Its “dedicated transnational education managers in-country provide bespoke support to identify the best opportunities for your courses, broker relevant partnerships, develop and execute marketing plans and establish a clear route map through the local legal and regulatory processes including quality assurance frameworks”.
Of course, I welcome the support British universities get from the British Council, and I welcome the government’s move to provide more support to universities in their international activities.
But it does feel a bit like the UK government has only just discovered this thing we’ve come to call transnational education. And it saddens me that in the statements about transnational education, students rarely get a mention.
Some might be surprised to know that it really was not very long ago that the British Council and even the British Universities International Liaison Association, or BUILA – the body that represents staff who work in international offices – saw the development of transnational education, and particularly British campuses overseas, as a threat to traditional international student recruitment.
They would not even allow Nottingham University to promote its overseas campuses at British Council exhibitions and education promotion events overseas. We’ve come a long way in the UK in just a few years:
- • The British Council and the UK government now whole-heartedly support transnational education – or at least the government does if there is a direct economic benefit.
- • We have seen, in a very short period of time, a huge increase in the number of international students studying for a UK degree overseas. (But do not believe the official UK data often incorrectly quoted as saying that there are now more international students studying for a UK degree overseas than there are international students studying for a UK degree in the UK – the data quoted is not comparing like with like).
- • Transnational education activities are now recognised as helping the UK to maintain its international education market position in what has become an incredibly competitive environment.
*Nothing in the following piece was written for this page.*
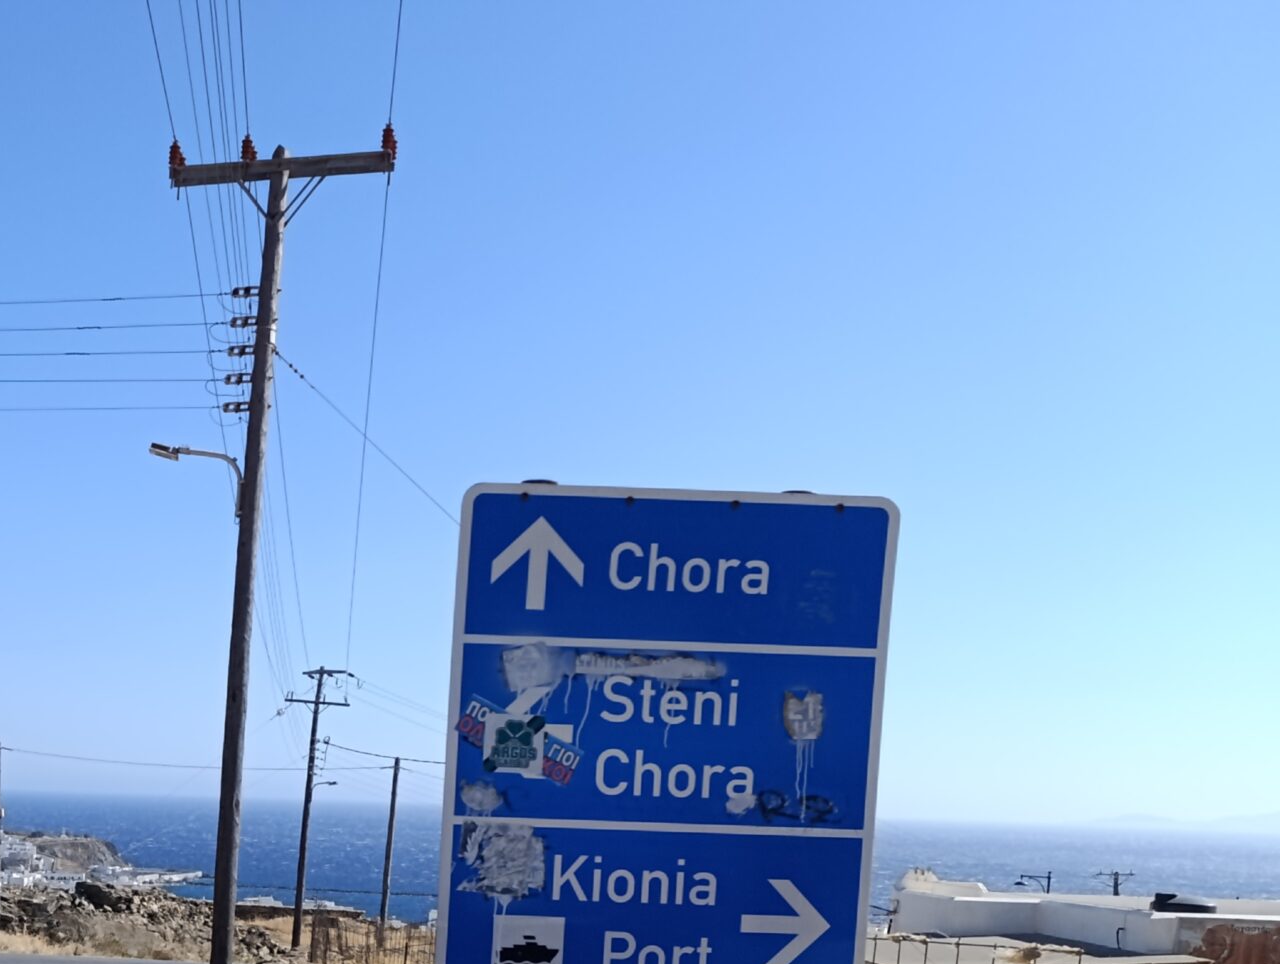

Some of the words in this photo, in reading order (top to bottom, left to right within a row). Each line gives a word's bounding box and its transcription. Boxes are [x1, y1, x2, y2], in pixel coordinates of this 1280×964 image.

[607, 541, 771, 596] Chora
[599, 674, 740, 727] Steni
[594, 747, 756, 800] Chora
[550, 852, 718, 906] Kionia
And, of course, transnational education is seen as an answer to the increasing restrictions being placed on UK universities as a result of visa and immigration policy changes.
Not a British invention
In our excitement about today’s new transnational education activities, we have forgotten that the University of London has been running programmes around the world since 1858, and that students and scholars and their teaching and research travelled beyond national borders even before the University of London was born.
Higher education has always been international. The great scholars of ancient history and ancient universities were international by nature.
To quote professors Simon Marginson and Marijk van der Wende: “Higher education has always been more internationally open than most sectors because of its immersion in knowledge, which never showed much respect for juridical boundaries.”
The focus of the UK Department for Business, Innovation and Skills' Industrial Strategy for Education is clearly commercial: market expansion for international student recruitment and tuition fee income to sustain a cash-strapped education sector.
However, there are more fundamental things that we can do to improve the UK’s higher education position internationally, including more international partnerships together with two-way student mobility, and less of a focus on the obvious direct financial returns of international education – the really big returns are much more subtle than that.
Moreover, as we have seen from the numerous examples of transnational education retrenchment, a ‘pile it high and sell it cheap’ strategy may work in the short-term, but is not a sustainable strategy. Taking a long-term view in an era where short-term returns are expected is only for the very brave.
* Vincenzo Raimo is director of the international office at the University of Nottingham, UK.